Hexenuronic acid
- Names: IUPAC name (2S,3R,4S)-3,4-dihydroxy-2-[(2R,3R,4S,5R)-4-hydroxy-2,5-dimethoxyoxan-3-yl]oxy-3,4-dihydro-2H-pyran-6-carboxylic acid

Identifiers
- 3D model (JSmol): Interactive image;
- Abbreviations: HexA
- MeSH: C095263
- PubChem CID: 102073560;

Properties
- Chemical formula: C_{13}H_{20}O_{10}
- Molar mass: 336.293 g·mol^{−1}

= Hexenuronic acid =

Chemical compound (C13H20O10)

Hexenuronic acid (HexA) is an organic compound with the formula C_{13}H_{20}O_{10}. It is an unsaturated sugar produced during the kraft process in the creation of wood pulp.

== Kraft process ==
During the kraft process, which is the turning of wood into wood pulp for papermaking, wood chips are treated with sodium hydroxide and sodium sulfide. Sodium hydroxide catalyzes the demethylation of 4-O-methyl-D-glucuronoxylan, which is found at the ends of the polysaccharide xylan.

Break down of 4-O-methyl-D-glucuronoxylan into HexA

Hexenuronic acid decreases a wood's kappa number, which is a measure of bleachability of wood pulp, by 3-7. It readily reacts with common wood pulp bleaching agents like ozone, peracetic acid, and chlorine dioxide. Consequently, research has focused on ways to break down hexenuronic acid prior to bleaching to decrease dangerous waste products and costs.

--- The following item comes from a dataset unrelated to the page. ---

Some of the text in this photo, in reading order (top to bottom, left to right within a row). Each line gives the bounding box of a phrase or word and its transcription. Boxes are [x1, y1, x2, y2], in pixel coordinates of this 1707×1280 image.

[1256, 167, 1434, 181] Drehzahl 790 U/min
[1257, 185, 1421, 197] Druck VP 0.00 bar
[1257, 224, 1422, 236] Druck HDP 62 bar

The main method of destroying hexenuronic acid is to treat the wood pulp post kraft processing with strong acids at high temperatures. HexA is hydrolyzed and broken down into aldehydes and alcohols like 2-furoic acid and 5-carboxy-2-furaldehdye. This process has led to a 50% reduction in bleaching costs of the wood pulp in some cases.

== In microbes ==
Polysaccharide lyases (PL) are a type of enzyme that is found in numerous microorganisms including bacteriophages that break down parts of wood. PL catalyzses β-elimination of uronic acid-containing polysaccharides into HexA.